**Work required**
Print verbatim the lines of the entries from the one containing "this 1500×1333 image." to the last, inclusive, and no others.

Annotated photo localization data
....

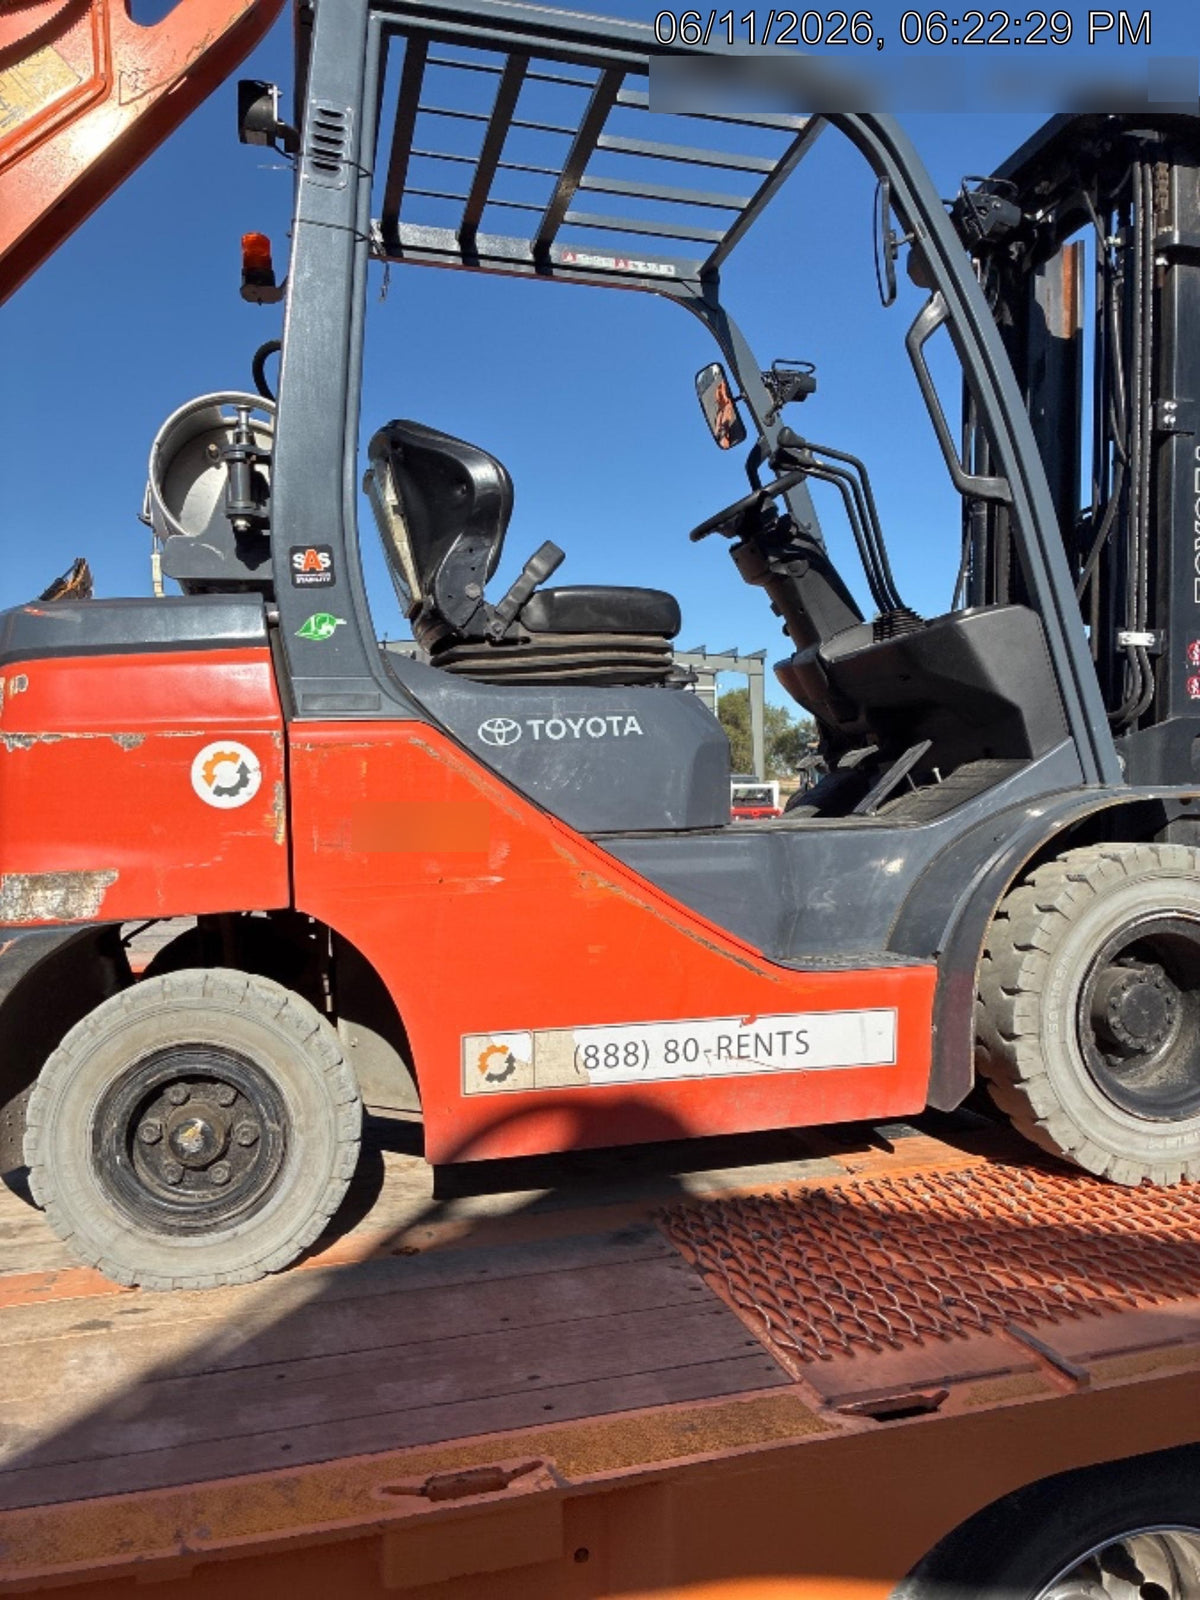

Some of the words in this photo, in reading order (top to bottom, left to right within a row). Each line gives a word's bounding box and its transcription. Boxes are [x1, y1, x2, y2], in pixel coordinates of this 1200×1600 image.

[292, 549, 331, 572] SAS
[526, 716, 644, 741] TOYOTA
[573, 1040, 650, 1075] (888)
[664, 1029, 810, 1064] 80-RENTS
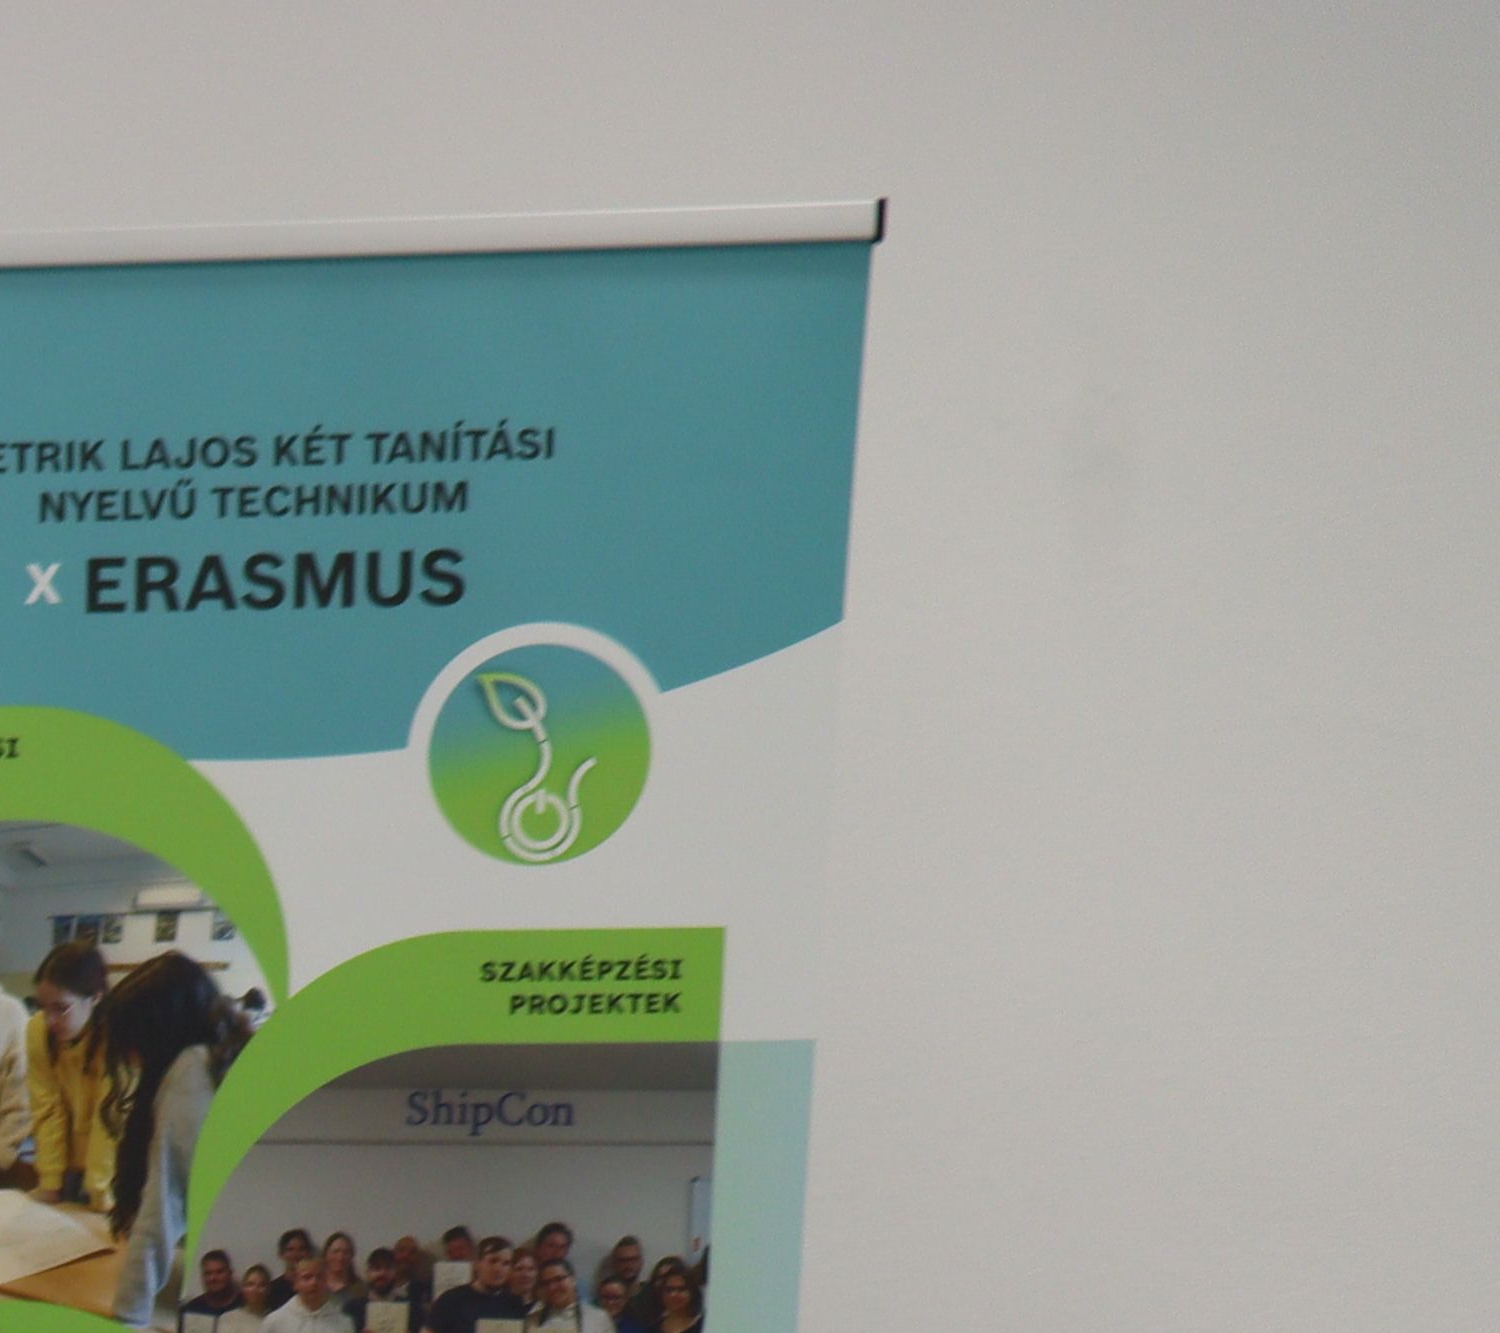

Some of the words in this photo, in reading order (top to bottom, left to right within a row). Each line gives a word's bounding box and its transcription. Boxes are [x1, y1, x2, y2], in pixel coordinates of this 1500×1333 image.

[120, 432, 257, 474] LAJOS
[271, 423, 351, 470] KÉT
[367, 420, 556, 468] TANÍTÁSI
[37, 482, 198, 526] NYELVŰ
[210, 478, 470, 521] TECHNIKUM
[84, 550, 467, 614] ERASMUS
[479, 954, 684, 983] SZAKKÉPZÉSI
[509, 991, 682, 1016] PROJEKTEK
[406, 1089, 576, 1136] ShipCon

....

**Exercise output**
Some of the words in this photo, in reading order (top to bottom, left to right within a row). Each line gives a word's bounding box and its transcription. Boxes are [x1, y1, x2, y2], in pixel coordinates of this 1500×1333 image.

[120, 432, 257, 474] LAJOS
[271, 423, 351, 470] KÉT
[367, 420, 556, 468] TANÍTÁSI
[37, 482, 198, 526] NYELVŰ
[210, 478, 470, 521] TECHNIKUM
[84, 550, 467, 614] ERASMUS
[479, 954, 684, 983] SZAKKÉPZÉSI
[509, 991, 682, 1016] PROJEKTEK
[406, 1089, 576, 1136] ShipCon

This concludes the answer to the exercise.